_DATA SECTION:_
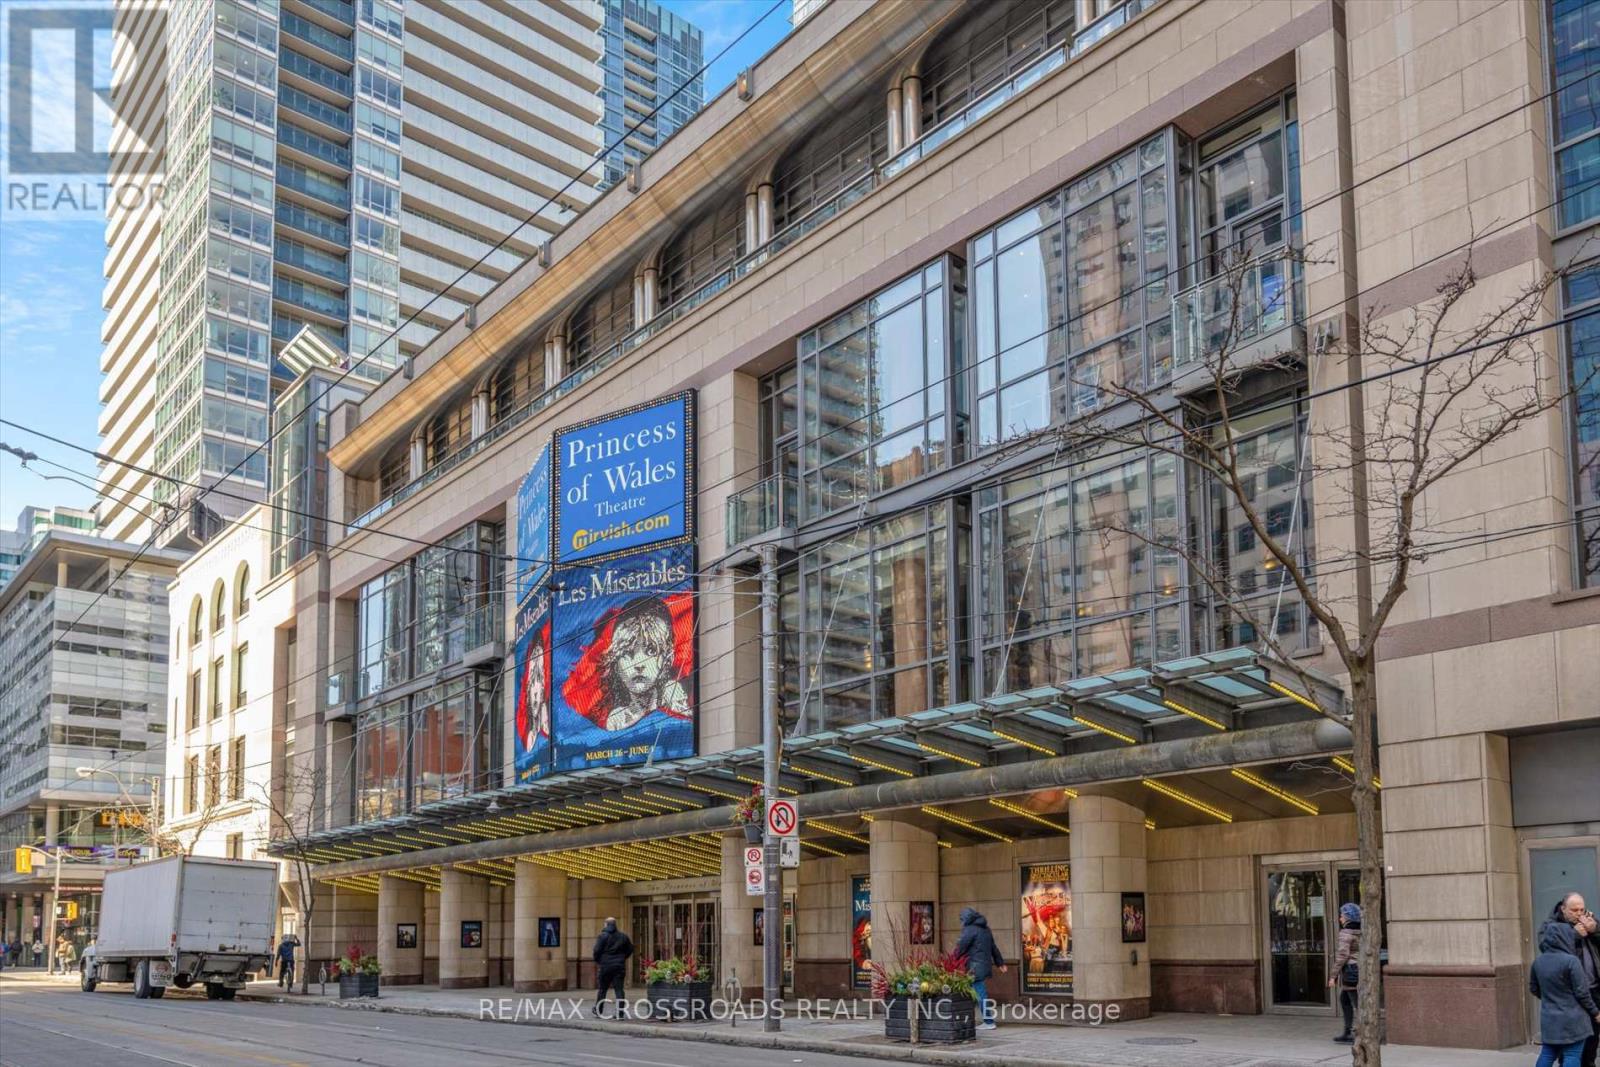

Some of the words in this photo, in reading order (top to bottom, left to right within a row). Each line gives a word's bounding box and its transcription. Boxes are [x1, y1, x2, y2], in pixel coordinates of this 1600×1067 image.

[567, 420, 677, 468] Princess
[567, 473, 592, 505] of
[603, 458, 676, 494] Wales
[594, 496, 646, 517] Theatre
[573, 513, 669, 551] mirvish.com
[558, 581, 587, 606] Les
[590, 558, 686, 599] Misérables
[586, 749, 613, 760] MARCH
[629, 745, 649, 758] JUNE

_EXERCISE AIM:_
Output each record above word for word, leaving out images.

_RESULT OF THE EXERCISE:_
Some of the words in this photo, in reading order (top to bottom, left to right within a row). Each line gives a word's bounding box and its transcription. Boxes are [x1, y1, x2, y2], in pixel coordinates of this 1600×1067 image.

[567, 420, 677, 468] Princess
[567, 473, 592, 505] of
[603, 458, 676, 494] Wales
[594, 496, 646, 517] Theatre
[573, 513, 669, 551] mirvish.com
[558, 581, 587, 606] Les
[590, 558, 686, 599] Misérables
[586, 749, 613, 760] MARCH
[629, 745, 649, 758] JUNE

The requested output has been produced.